Since my post about my Atavan issues I have gotten a large number of volubly supportive emails from friends and family and acquaintances across the board. Most could be summed up as "N is right, you need this for now, so take the damn pills and then leave it behind you."

It isn't even the message, it is the method. People saying that they would call but they know they'd cry. People saying that I had done such work over the years convincing them that I was straightedge that they would be crushed if I came out the other side a pill-popper, so I better get it figured out. And people battling their own medical issues. People whom I know have pharmacological needs and masters in a way I cannot understand. People whose kindness flings their own woes and worries aside when they see someone else in need and who plant their feet and say "shut up, N's right, take the damn pills and get it behind you."

This kind of generosity of spirit is something to which I can only aspire. And I do, and I will.

All the talk of getting past it makes me think I should have some sort of pill-burning party when this is all over. I wont flush them down the drain: AND YOU SHOULDN'T EITHER: there are Carp with boobs and Bluegill with eating disorders because of all the meds we flush down the toilet.

And, sadly, no, I won't just give the fun stuff to my friends who really like that kind of evening. You know, a canapé, some Dilauded, some Atavan, and a Jan Michael Vincent film.

No, I'll sit there by you as you make that choice, but I'm not fucking helping.

I Know! We'll burn the pill bottles, then sell the good pills to local schoolkids...and give the money to The Red Devils.
Ah. I feel much better now.

I'm not on anything right now, by the way. Unless Valtrex, Fluoconazole, Diflucan, Protonix, and Bactrim count.

So thank you one and all for the support. Simple, but true. Thanks. I needed it.

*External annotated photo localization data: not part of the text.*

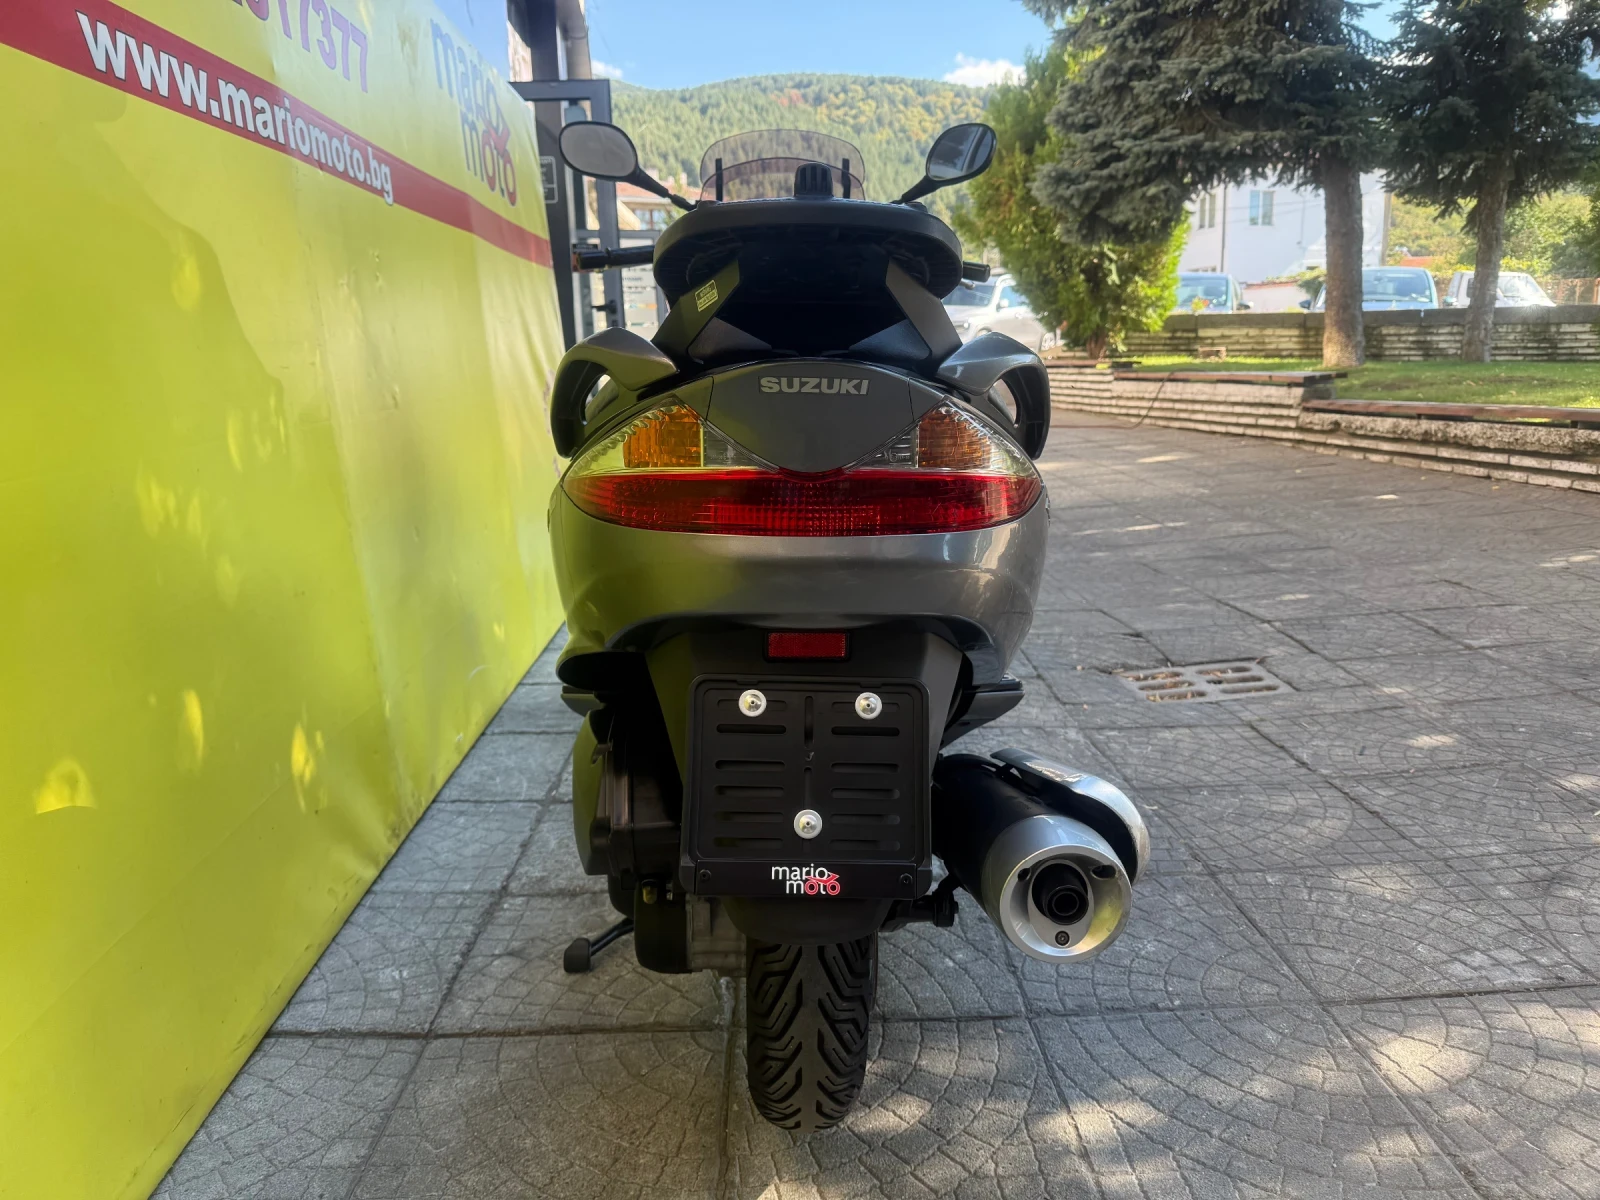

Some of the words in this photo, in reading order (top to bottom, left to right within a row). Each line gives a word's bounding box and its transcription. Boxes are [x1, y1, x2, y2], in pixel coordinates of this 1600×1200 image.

[430, 18, 501, 132] mario
[75, 9, 394, 206] www.mariomoto.bg
[459, 108, 517, 207] moto
[760, 376, 869, 395] SUZUKI
[771, 863, 829, 880] mario
[786, 879, 840, 896] moto
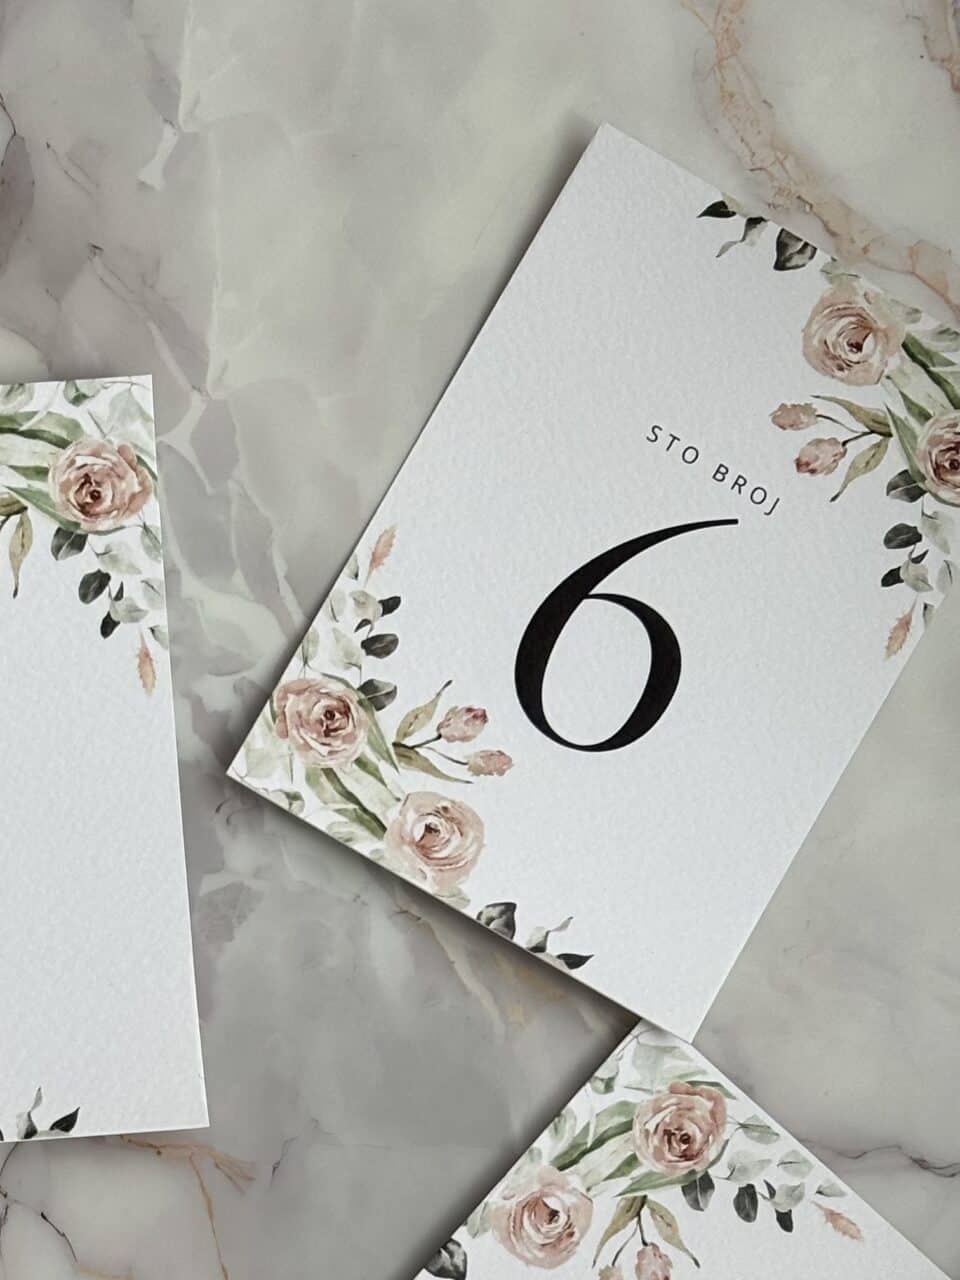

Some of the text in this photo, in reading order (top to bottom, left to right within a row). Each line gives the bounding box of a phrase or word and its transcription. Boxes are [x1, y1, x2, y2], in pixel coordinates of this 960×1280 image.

[646, 424, 780, 517] STO BROJ
[514, 518, 739, 753] 6

As I said, the rest of the weekend was bad. Well, Friday was bad, then Saturday got her panties in a bunch that Friday was getting all the attention and so poured a whole barrel of un-good into me all day. That's when I discovered that I have the odd ability to eat, say, an apple, and then ten minutes later retch like crazy over the can and having nothing come out. Same thing goes for Turkish Lentil soup, so it isn't an apple thing (for those two fools who were thinking that it might have been Transylvanian Apple-Specific Phantom Vomit). I guess it is somewhat reassuring that when I feel nauseous to that extent these days it is as likely to be a huge and extremely unpleasant burp and not 3-D Food Network programming, but still, it feels pretty bad.

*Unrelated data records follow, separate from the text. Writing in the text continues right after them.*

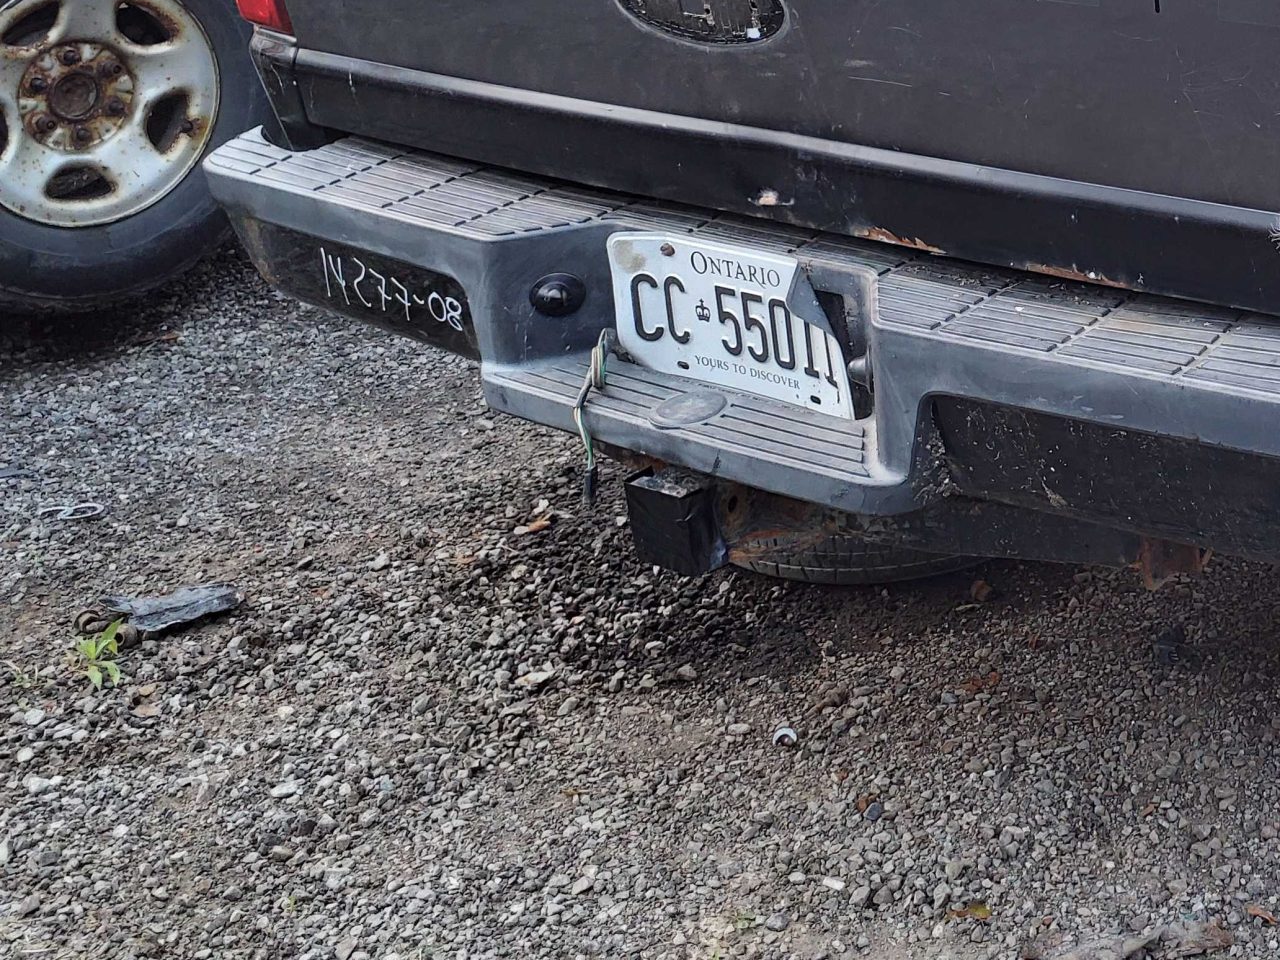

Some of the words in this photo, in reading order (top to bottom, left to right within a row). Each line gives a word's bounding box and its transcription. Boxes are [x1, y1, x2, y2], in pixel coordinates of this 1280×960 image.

[320, 246, 463, 332] 14277-08
[690, 250, 781, 289] ONTARIO
[630, 273, 691, 345] CC
[694, 354, 730, 372] YOURS
[732, 362, 747, 375] TO
[749, 367, 801, 390] DISCOVER

And my legs. Unless I am on the trainer, already asleep, or walking around a bit, my legs have the agitation of Woddy Allen's early films, like you are rushing to get the half-dozen bagels you left on the counter at H&H--five pumpernickel and one 'everything' for your goy nephew-by-marriage--but you have to get home before your mother arrives with an oily paper sack of Hamantashen and a walleyed girl from Larchmont she insist is 'holding up lovely considering everything she went through with that schmendrick.'

I will jump out of bed just to walk to the other end of the apartment, where I find, oddly enough, the other end of the apartment, so I walk back...and that's 40 seconds killed right there.

It has gotten a bit better of late, and I may be doing some stretching that helps, but it is still weird.

So this week I hope to feel good enough for long enough to finish the audiobook my extremely understanding employers have given me, and then go from there. Thursday morning we go and I get labs, and if my numbers are high enough it means that I have started doing a good job of raising my White Blood and Hemoglobin counts on my own...which wins me the prize of getting donkey-punched with the next month of phase II, month One through which I just emerged.

But hey, that's what's on the menu, right? Tuck in.